Task instructions:
Nothing but the images is to be left out of your exact copy of the entries.

Data supplied:
::::::

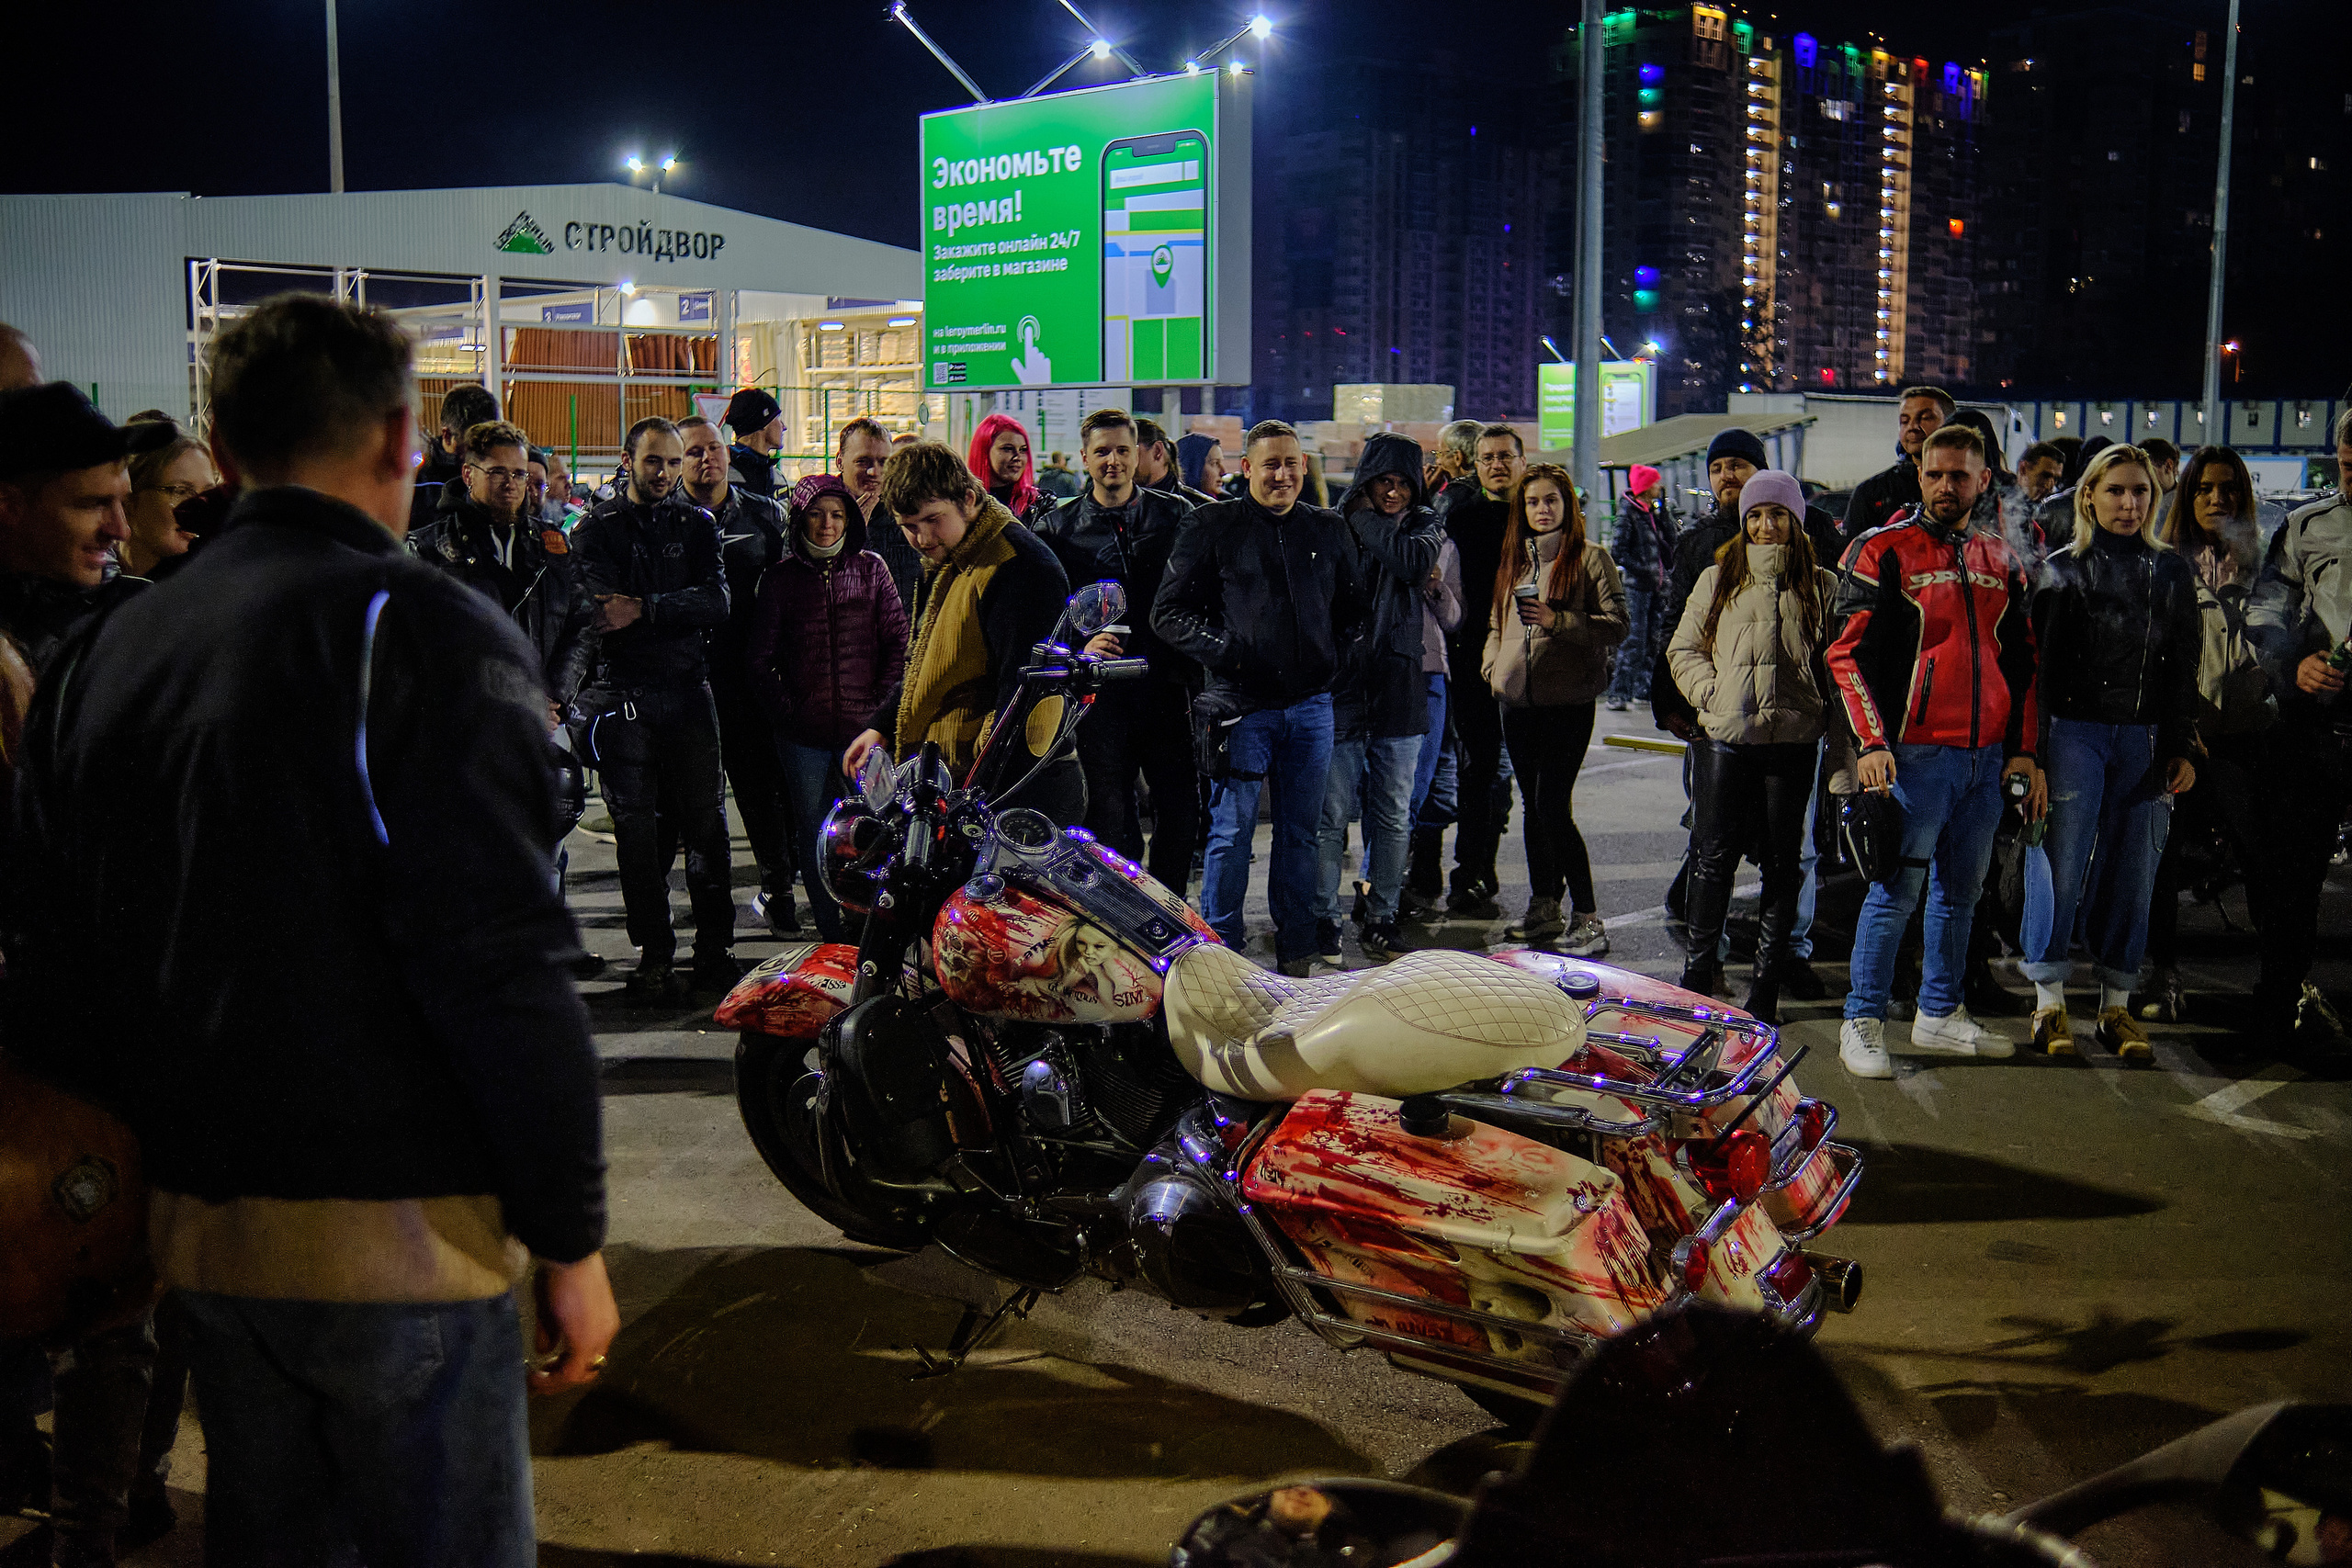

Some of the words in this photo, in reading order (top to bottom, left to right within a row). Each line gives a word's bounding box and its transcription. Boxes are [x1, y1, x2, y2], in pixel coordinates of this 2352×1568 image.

[933, 144, 1082, 189] Экономьте
[933, 189, 1022, 237] время!
[565, 220, 727, 263] СТРОЙДВОР
[933, 242, 996, 260] Закажите
[998, 233, 1047, 254] онлайн
[1049, 230, 1080, 249] 24/7
[933, 263, 991, 283] заберите
[992, 264, 1001, 276] в
[1002, 257, 1069, 276] магазине
[681, 299, 690, 314] 2
[933, 328, 944, 338] на
[944, 322, 1006, 339] leroymerlin.ru
[933, 344, 940, 355] и
[947, 342, 1006, 356] приложении
[1847, 671, 1882, 738] SPIDI
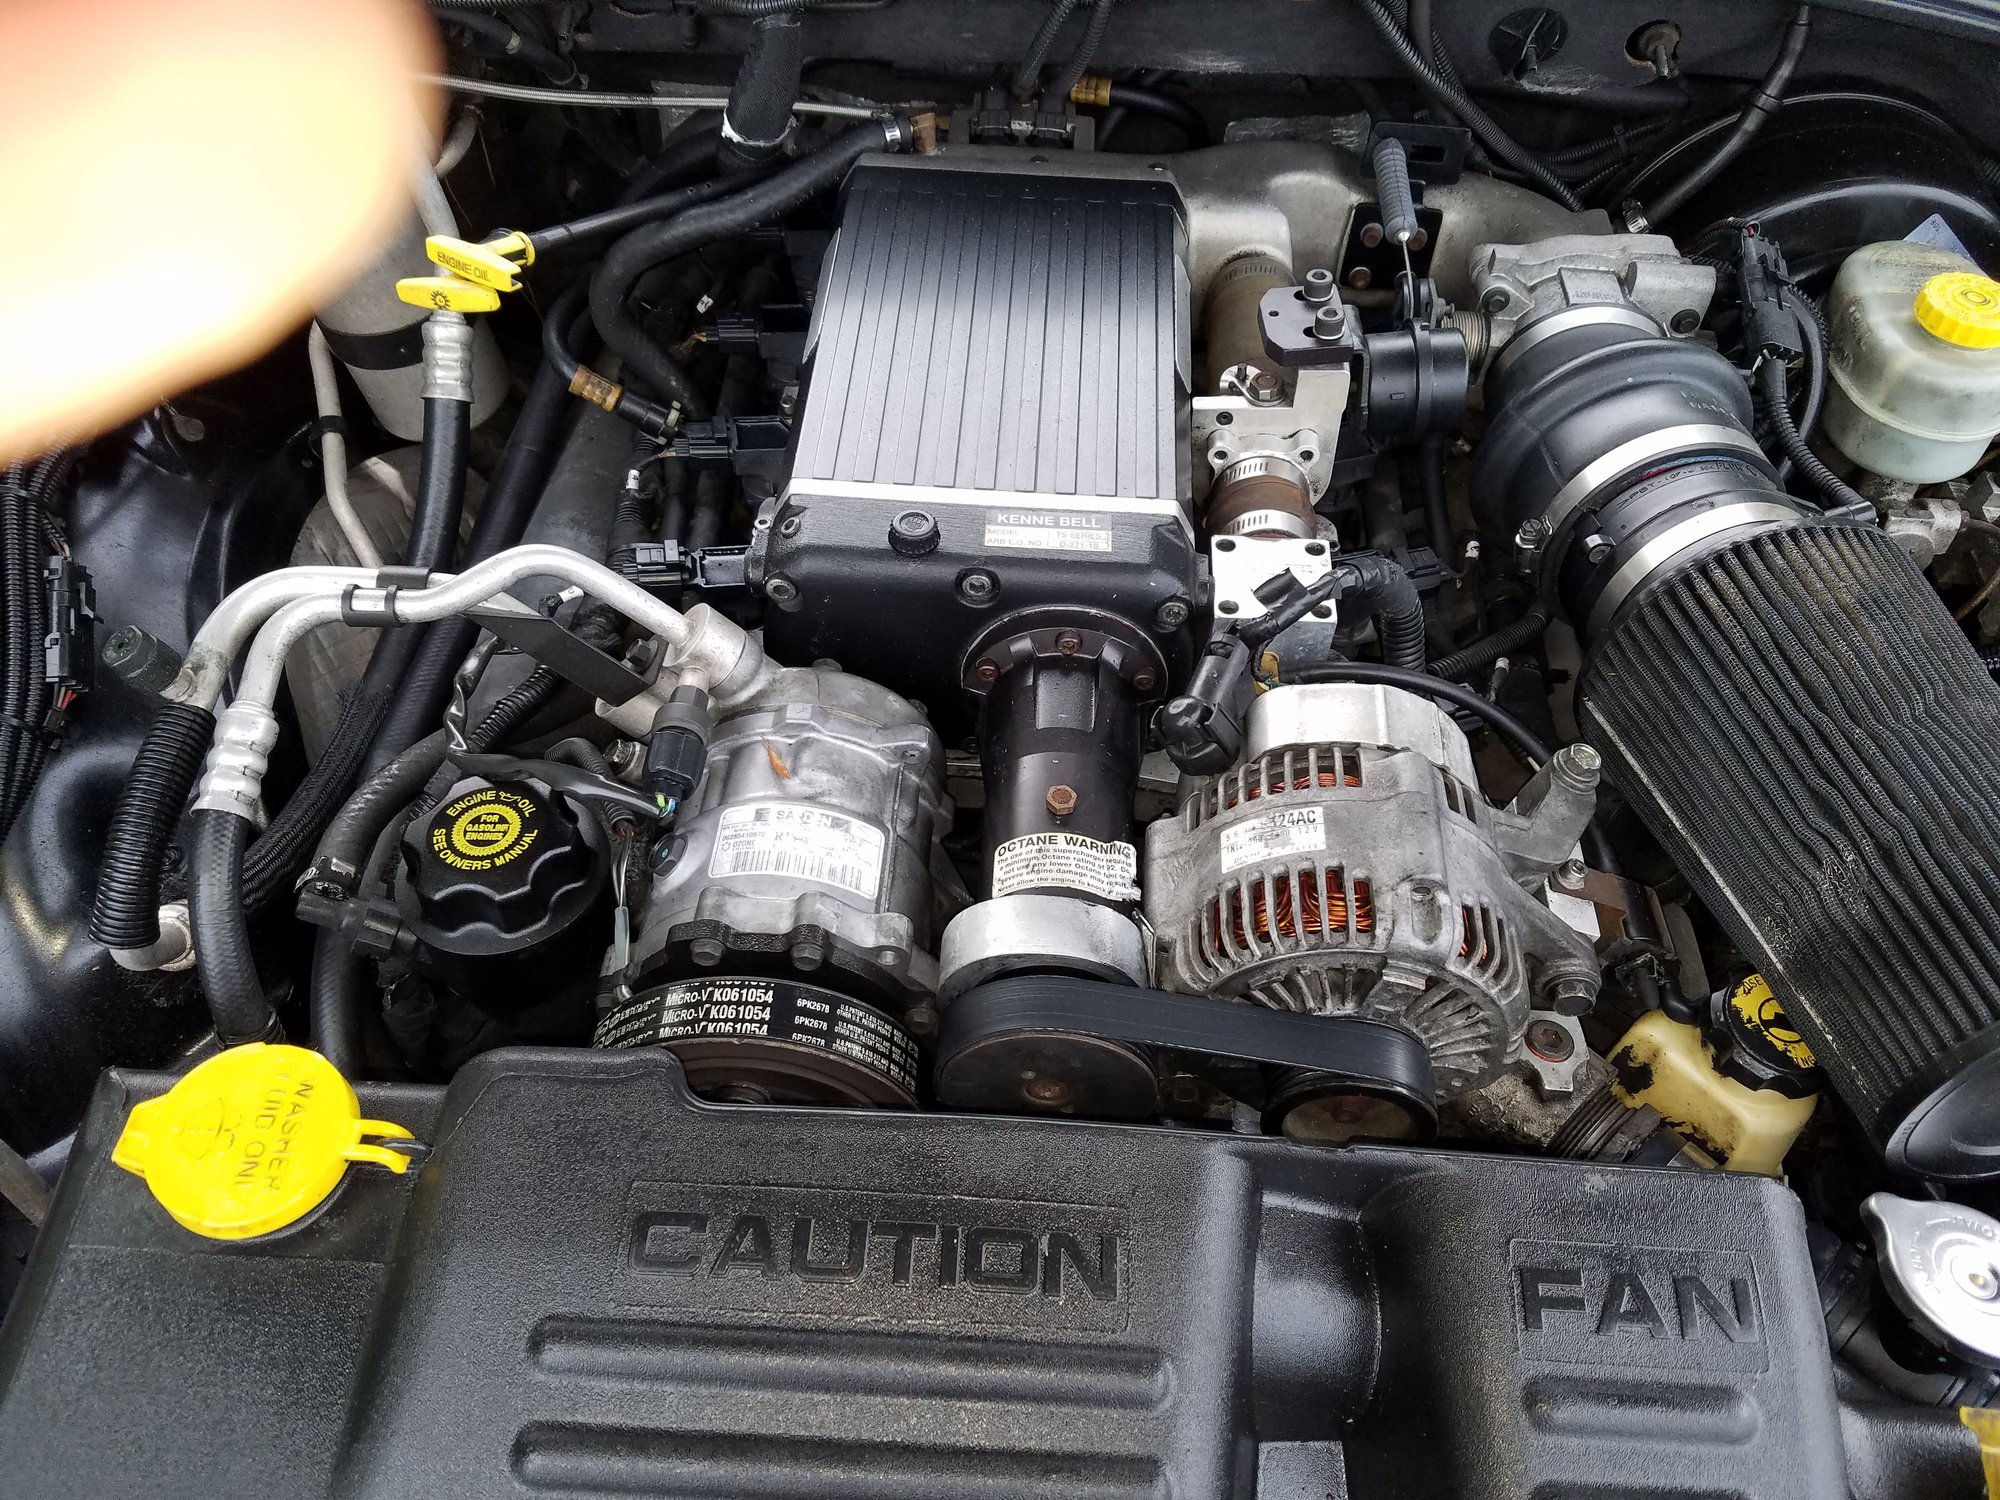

::::::

Solution to this task:
Some of the words in this photo, in reading order (top to bottom, left to right within a row). Each line gives a word's bounding box and its transcription. Boxes are [x1, y1, x2, y2], in pixel coordinates of this 2352×1568 image.

[933, 144, 1082, 189] Экономьте
[933, 189, 1022, 237] время!
[565, 220, 727, 263] СТРОЙДВОР
[933, 242, 996, 260] Закажите
[998, 233, 1047, 254] онлайн
[1049, 230, 1080, 249] 24/7
[933, 263, 991, 283] заберите
[992, 264, 1001, 276] в
[1002, 257, 1069, 276] магазине
[681, 299, 690, 314] 2
[933, 328, 944, 338] на
[944, 322, 1006, 339] leroymerlin.ru
[933, 344, 940, 355] и
[947, 342, 1006, 356] приложении
[1847, 671, 1882, 738] SPIDI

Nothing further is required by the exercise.